The Early History Of Monasticism — From The Original Sources. -- By: Emerson

Journal: Bibliotheca Sacra
Volume: BSAC 001:4 (Nov 1844)
Article: The Early History Of Monasticism — From The Original Sources.
Author: Emerson

The Early History Of Monasticism

From The Original Sources.

Prof. Emerson

Life of St. Martin of Tours. From the Latin of Sulpitius Severus.

Continued from No. 3, p. 525.

[In the last two numbers of this work, an account has been given of the rise of monasticism in Egypt. The object of the present article is to exhibit its early development in the West, by giving the Life of its first distinguished example and patron.

Doubtless a strong tendency to the monastic life had existed in Europe, for a considerable period, before the time of Martin; but to what extent it had been pursued, we have not the means of determining. Only obscure traces remain in history, of a few who practised at least a partial retirement from social life.

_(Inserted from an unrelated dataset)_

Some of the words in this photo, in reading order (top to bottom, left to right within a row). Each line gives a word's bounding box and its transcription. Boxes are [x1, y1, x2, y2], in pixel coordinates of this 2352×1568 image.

The achievements of Martin were early a theme for the poet as well as the historian. Paulinus Petricordius, a Gallic poet, about the year 460, wrote six books of Latin hexameters, descriptive of the life and miracles of this saint, whose aid he frequently invokes in the progress of his poem. It is, however, little more

than an inflated attempt to embellish the facts presented by Severus, and possesses no independent authority. Fortunatus, bishop of Poictiers, (whose diseased eyes are said to have been cured through the agency of this departed worthy,) also commemorated his acts in a poem of four books. Though a work of some poetic merit, it is of no historic value, except as indicating the exalted fame of Martin in the last half of the sixth century, when the poem was written. Indeed the author, in his dedicatory epistle to pope Gregory, only professes to have given in verse what Severus had recorded in prose.

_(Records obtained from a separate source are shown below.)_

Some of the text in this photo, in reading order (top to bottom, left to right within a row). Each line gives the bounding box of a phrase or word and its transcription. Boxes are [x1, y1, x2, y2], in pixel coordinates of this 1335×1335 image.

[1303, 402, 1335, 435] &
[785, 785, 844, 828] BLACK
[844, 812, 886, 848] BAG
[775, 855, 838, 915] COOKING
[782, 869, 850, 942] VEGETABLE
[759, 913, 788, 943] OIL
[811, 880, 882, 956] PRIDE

But little is known of the personal history of Sulpitius Severus, on whose authority the world must chiefly rely for the wonders he has recorded respecting one of the most remarkable men of his age, and the chief thaumaturgist that has ever appeared in Europe. It is singular, that a historian so universally admired for the elegance of his style, and so powerful a champion for the monks, should have none to record the incidents of his own life. He has frequently been confounded with a bishop of the same name who lived about two centuries later. The following are the principal facts on which we can rely, and are chiefly derived from his own writings and from the fourteen letters which his friend Paulinus of Nola addressed to him, and from the brief notice of him by Gennadius, about a century after his death.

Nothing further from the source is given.